# Problem details
Your answer must be an exact copy of the entries below, with no pictures in it.

(Beginning of Information supplied)

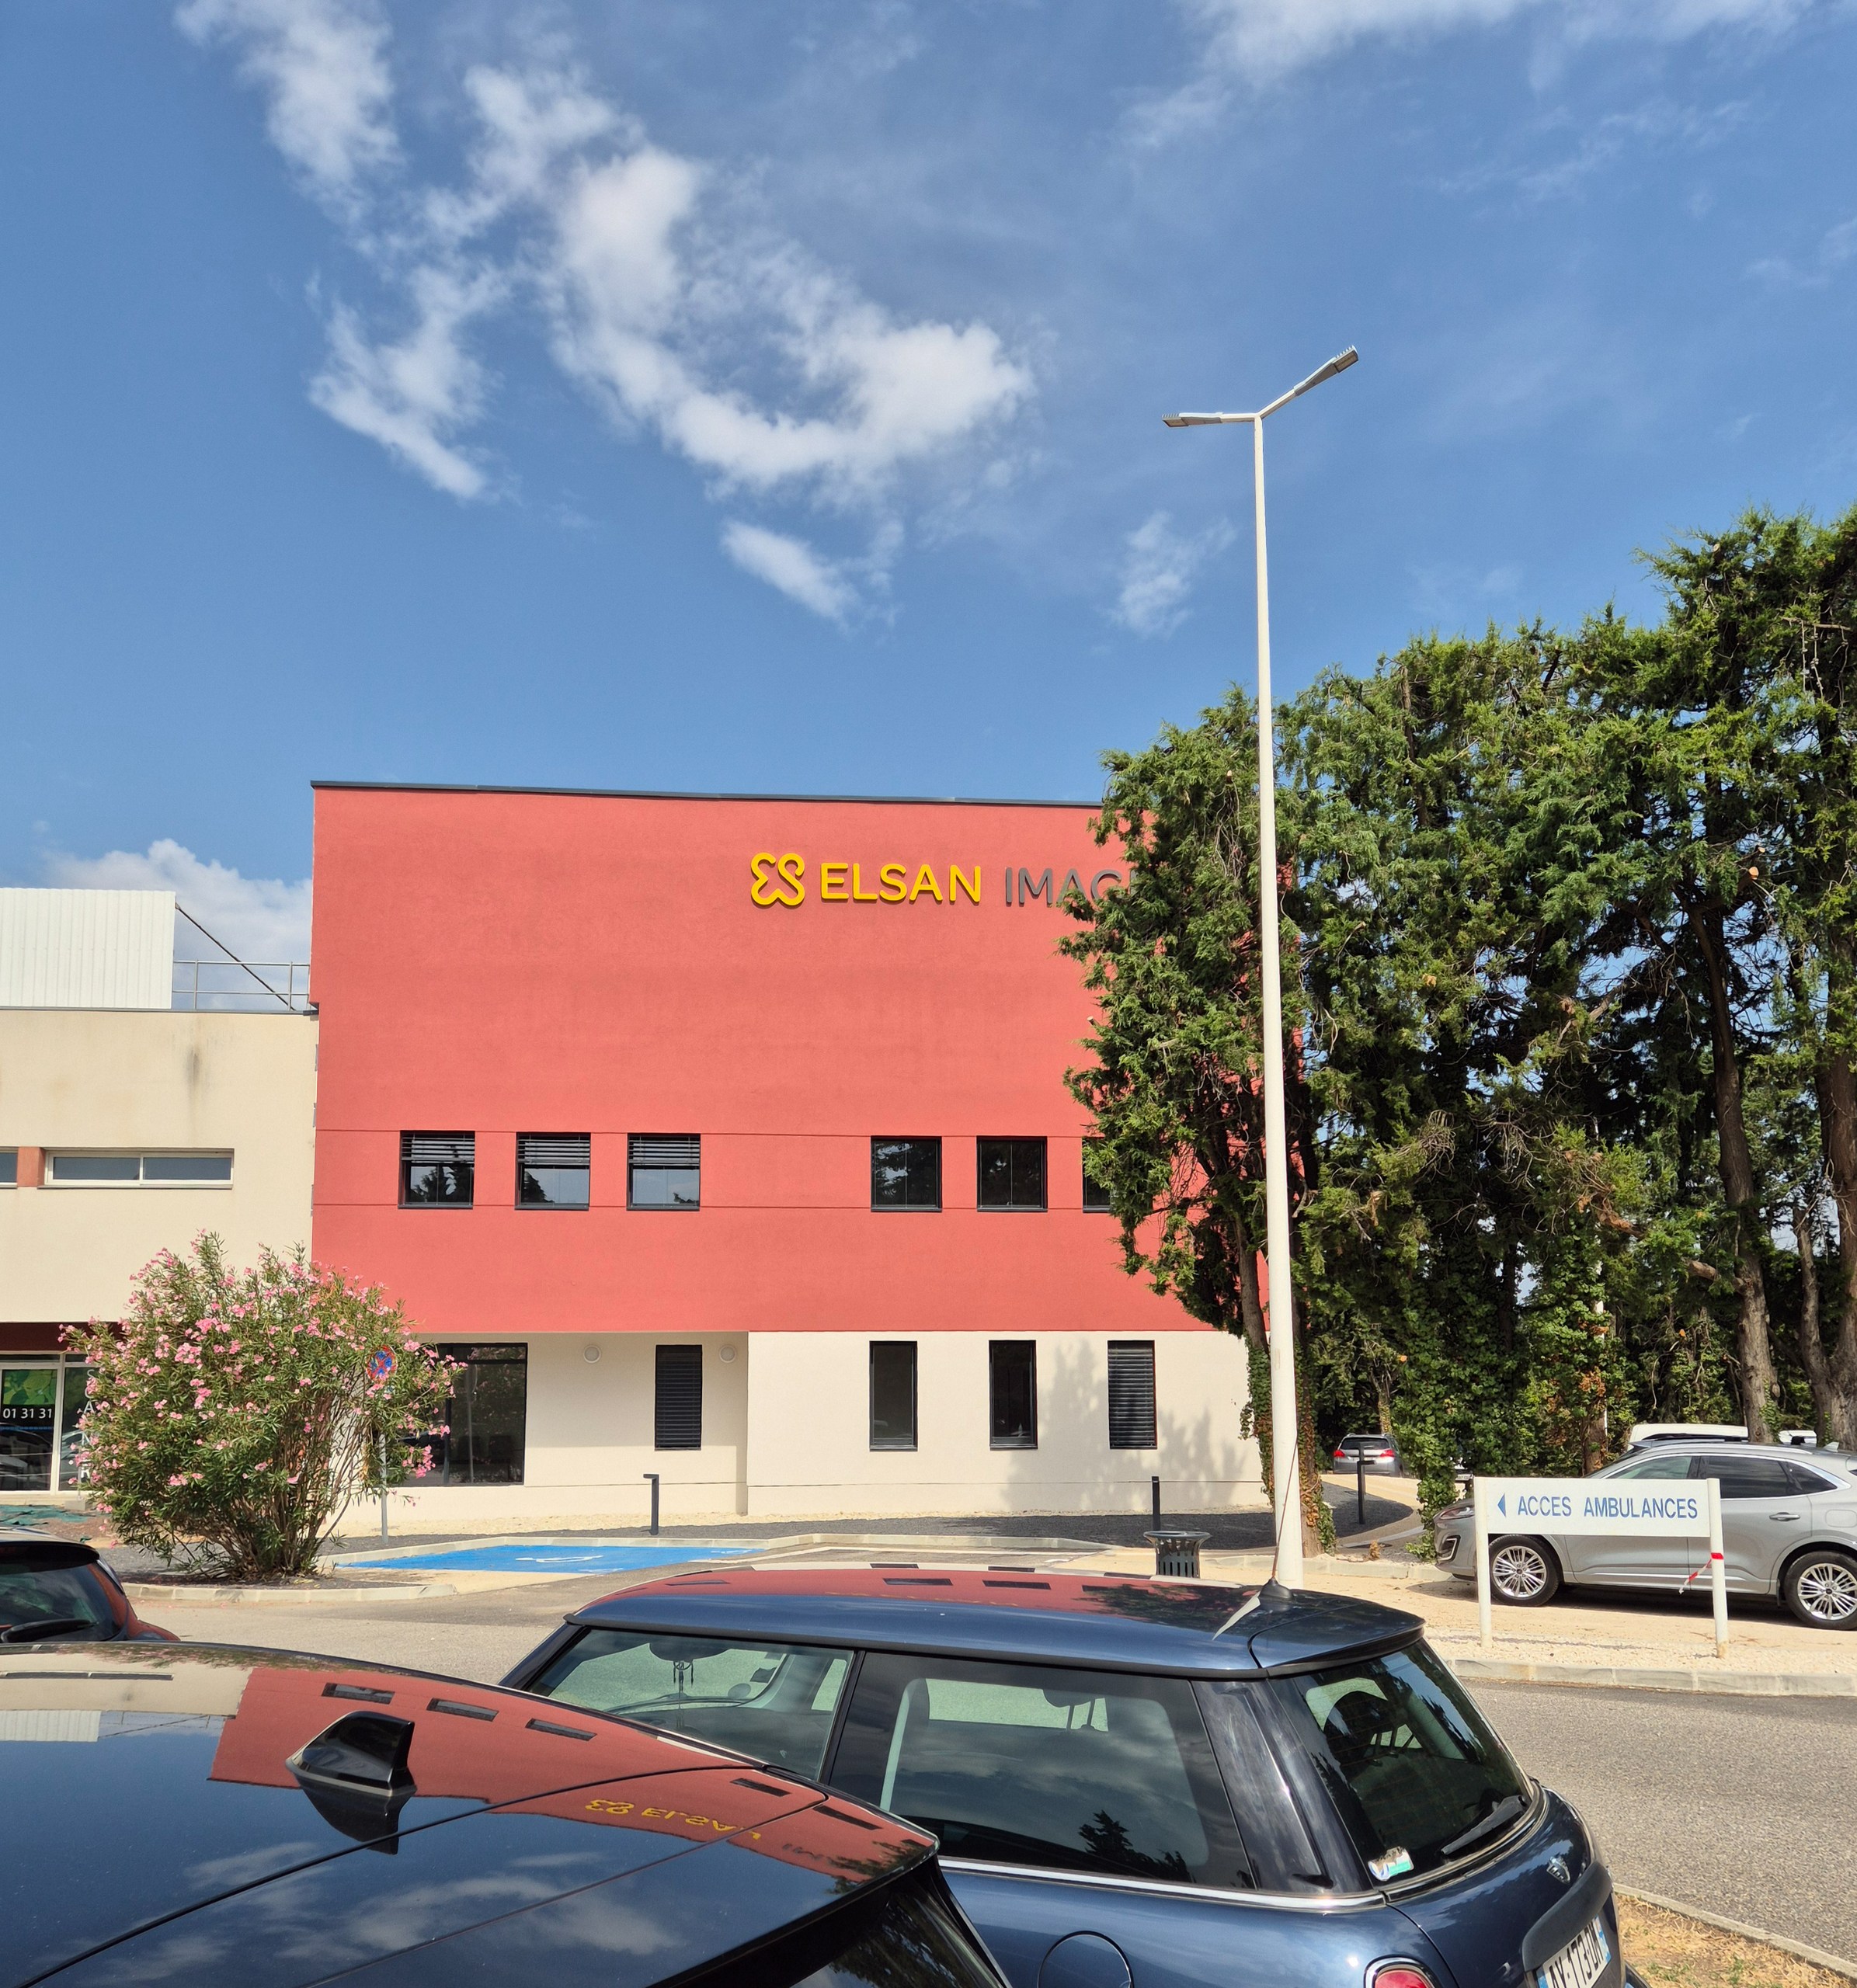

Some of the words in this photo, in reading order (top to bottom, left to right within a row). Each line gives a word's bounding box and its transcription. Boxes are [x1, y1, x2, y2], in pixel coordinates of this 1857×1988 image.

[820, 862, 982, 904] ELSAN
[1005, 866, 1137, 905] IMAG
[2, 1407, 16, 1419] 01
[20, 1407, 34, 1419] 31
[38, 1407, 52, 1419] 31
[1517, 1495, 1572, 1517] ACCES
[1584, 1496, 1699, 1520] AMBULANCES
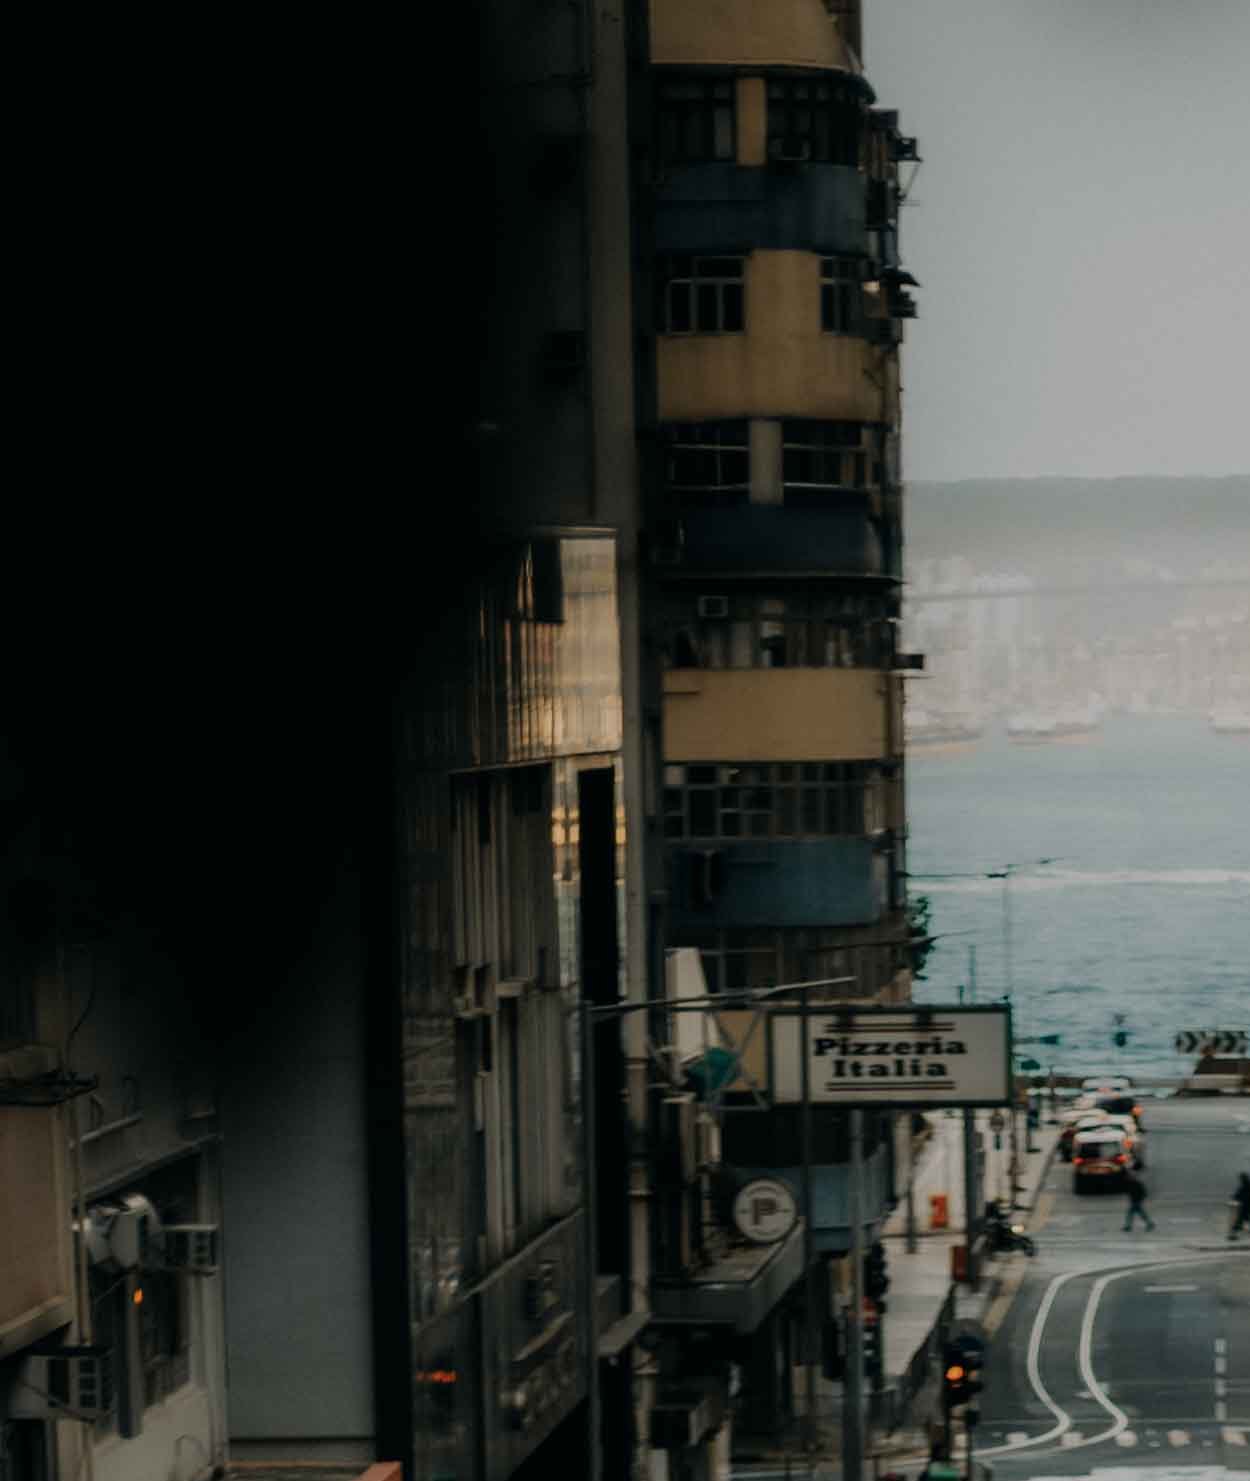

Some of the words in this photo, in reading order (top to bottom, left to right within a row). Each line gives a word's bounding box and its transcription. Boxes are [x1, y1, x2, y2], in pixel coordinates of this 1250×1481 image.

[814, 1037, 968, 1056] Pizzeria
[834, 1059, 948, 1077] Italia
[753, 1198, 776, 1224] P

(End of Information supplied)

# Expected output
Some of the words in this photo, in reading order (top to bottom, left to right within a row). Each line gives a word's bounding box and its transcription. Boxes are [x1, y1, x2, y2], in pixel coordinates of this 1857×1988 image.

[820, 862, 982, 904] ELSAN
[1005, 866, 1137, 905] IMAG
[2, 1407, 16, 1419] 01
[20, 1407, 34, 1419] 31
[38, 1407, 52, 1419] 31
[1517, 1495, 1572, 1517] ACCES
[1584, 1496, 1699, 1520] AMBULANCES

Some of the words in this photo, in reading order (top to bottom, left to right within a row). Each line gives a word's bounding box and its transcription. Boxes are [x1, y1, x2, y2], in pixel coordinates of this 1250×1481 image.

[814, 1037, 968, 1056] Pizzeria
[834, 1059, 948, 1077] Italia
[753, 1198, 776, 1224] P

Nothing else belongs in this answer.